Tarryn believes that knowledge is power, especially when it comes to labour and birth.

“The less prepared we are and the less knowledge we have, the higher the chance of negative outcomes for both mum and baby. There is so much fear surrounding birth these days that people draw their own conclusion of what their labour will be like before it happens,” she said. “We have lost the natural process of birth. There’s much more medical intervention happening now, which causes ripple effects for the entire process. I think that when we are better prepared and we have the tools to advocate for ourselves within our labour and birth, then it’s going to lead to better outcomes for everyone.”

Tarryn said over the years, we have also lost ‘the village’ it takes to raise a child. That is where her doula service comes into effect.

“I was very lucky to have a supportive partner and my mum and sisters to help out. I relied on them a lot and I don’t think I could have done it without them, but a lot of people don’t have that support,” Tarryn said. “We are missing the village that we used to have. Back in the day, many years ago, we would all be raising each other’s children within the community.

Everyone would help one another. Even in some cultures now, mums have a Golden Month and don’t leave the home and people come and care for them. We are missing that here. It’s something that has just been forgotten about and we are expected to just take our babies home after we have them and know what the hell we are doing- and most of the time we don’t.
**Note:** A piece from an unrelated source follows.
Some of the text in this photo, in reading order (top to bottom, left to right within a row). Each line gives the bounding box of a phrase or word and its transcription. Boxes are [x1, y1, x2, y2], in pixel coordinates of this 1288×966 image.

Whilst we might even feel great and confident, there are times we really need the extra support. We forget we can ask for help, or we feel like we are failing if we ask for help.
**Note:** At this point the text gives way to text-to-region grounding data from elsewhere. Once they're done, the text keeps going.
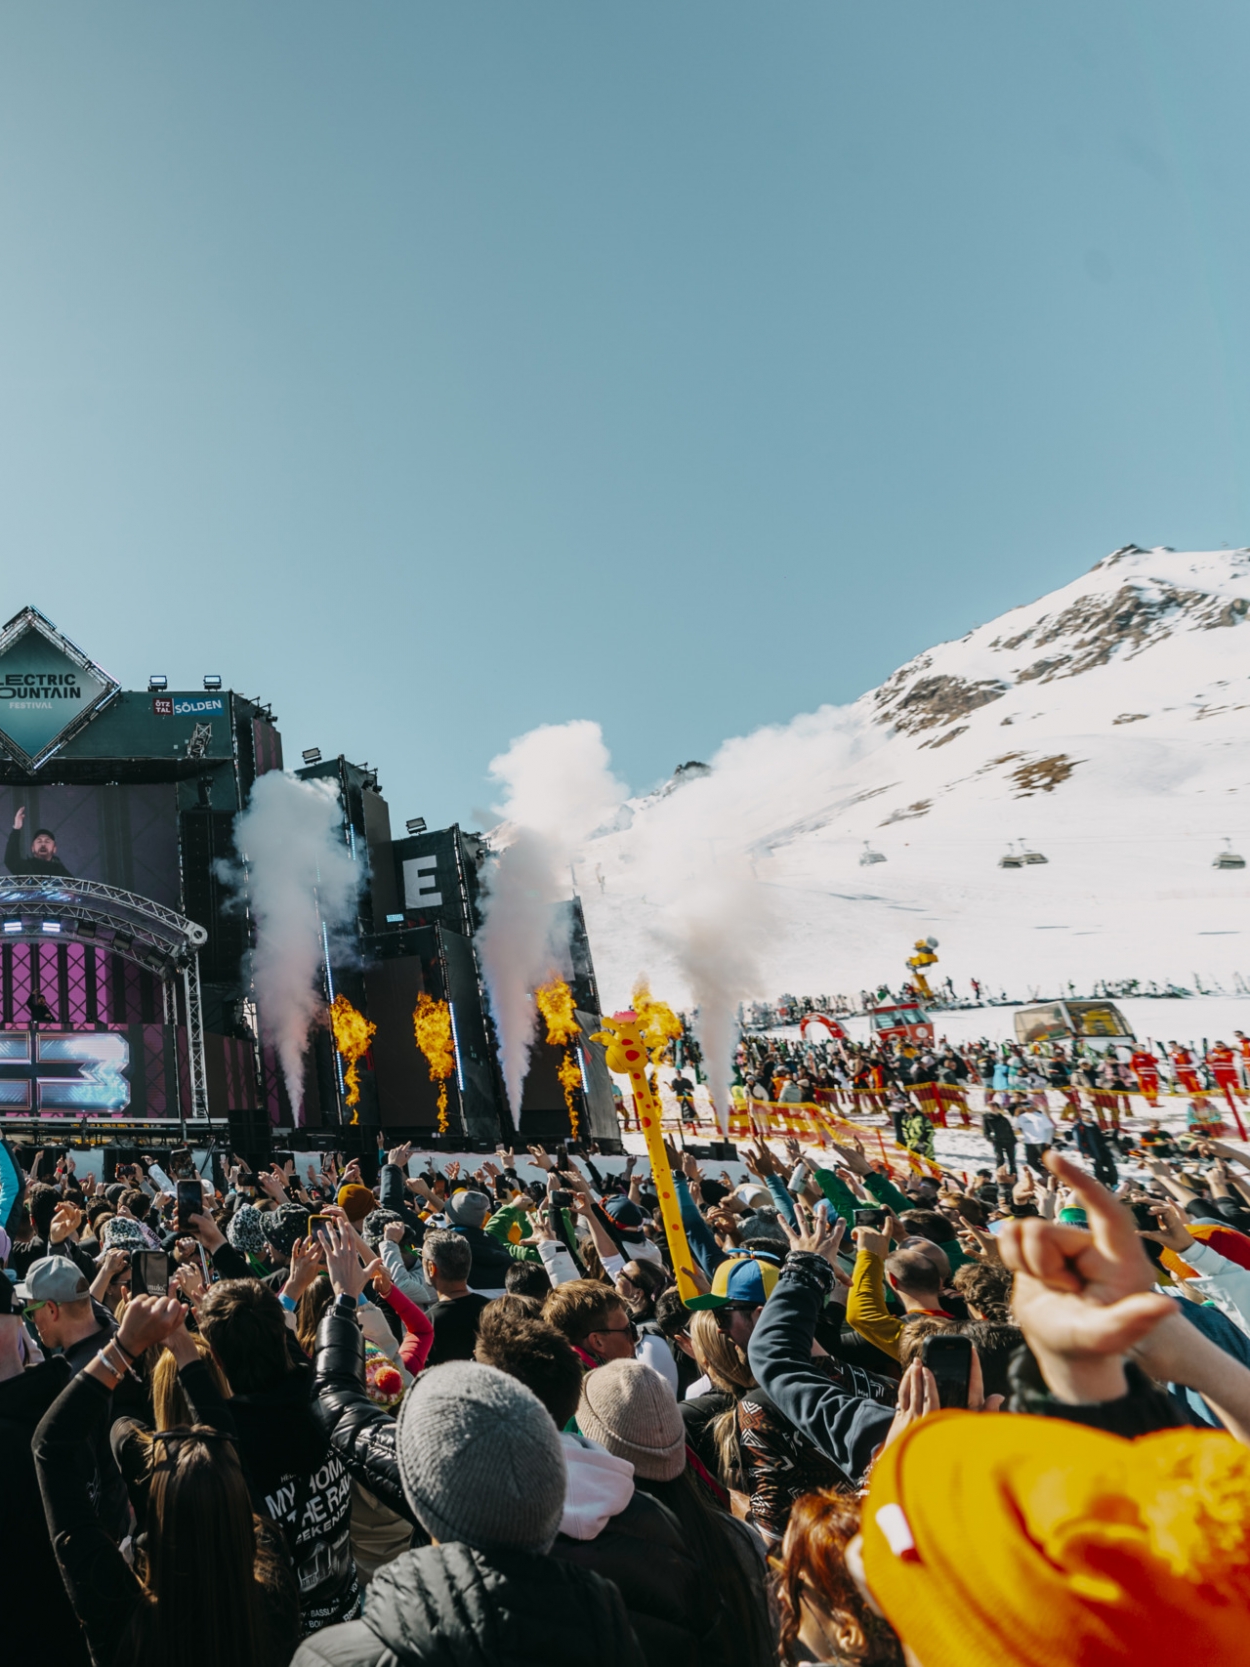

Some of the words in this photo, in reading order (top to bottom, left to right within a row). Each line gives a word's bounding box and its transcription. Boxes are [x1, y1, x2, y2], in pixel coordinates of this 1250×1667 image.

[9, 701, 53, 709] FESTIVAL
[175, 700, 223, 713] SÖLDEN
[402, 855, 443, 909] E
[265, 1482, 295, 1520] MY
[309, 1457, 345, 1494] OM
“ In Australia, most people haven’t even heard of a doula. A doula is not a medical professional, but they do give guidance and support, either physically or mentally or both, to the birthing person. It can be from debriefing about the process of birth and motherhood, or they are there to make a pot of soup for you, do some general housekeeping or let you sleep while they take care of your baby.”

Furthermore, as a certified child and sleep infant consultant, Tarryn offers direction, advice, and encouragement to help parents work towards their sleep goals with their child. She said making sure a baby sleeps was vital to both the parent and the child, but urged parents to have realistic expectations.

“I work with individual families and help create a plan to cater to each of their own needs, wants and values. I don’t make the same routine for everyone, and we can’t expect every child to be the same. Supporting and educating families about healthy sleep habits and what we can expect at every age and stage is really important,” Tarryn said. “I also think it’s important for people to establish great sleeping behaviours not just for the parent’s benefit, but for the child’s as well. Children need good sleep habits for their development and mental wellbeing.”

Tarryn said “mum guilt” stops many from putting up with hand and asking for help.

“Sometimes we think we are failing if we ask for help,” she said. “But it’s so important we try to get rid of that perception. We put a lot of pressure on ourselves, but we need to be aware that nobody is perfect. We are all just trying to do the best we can with what we have.”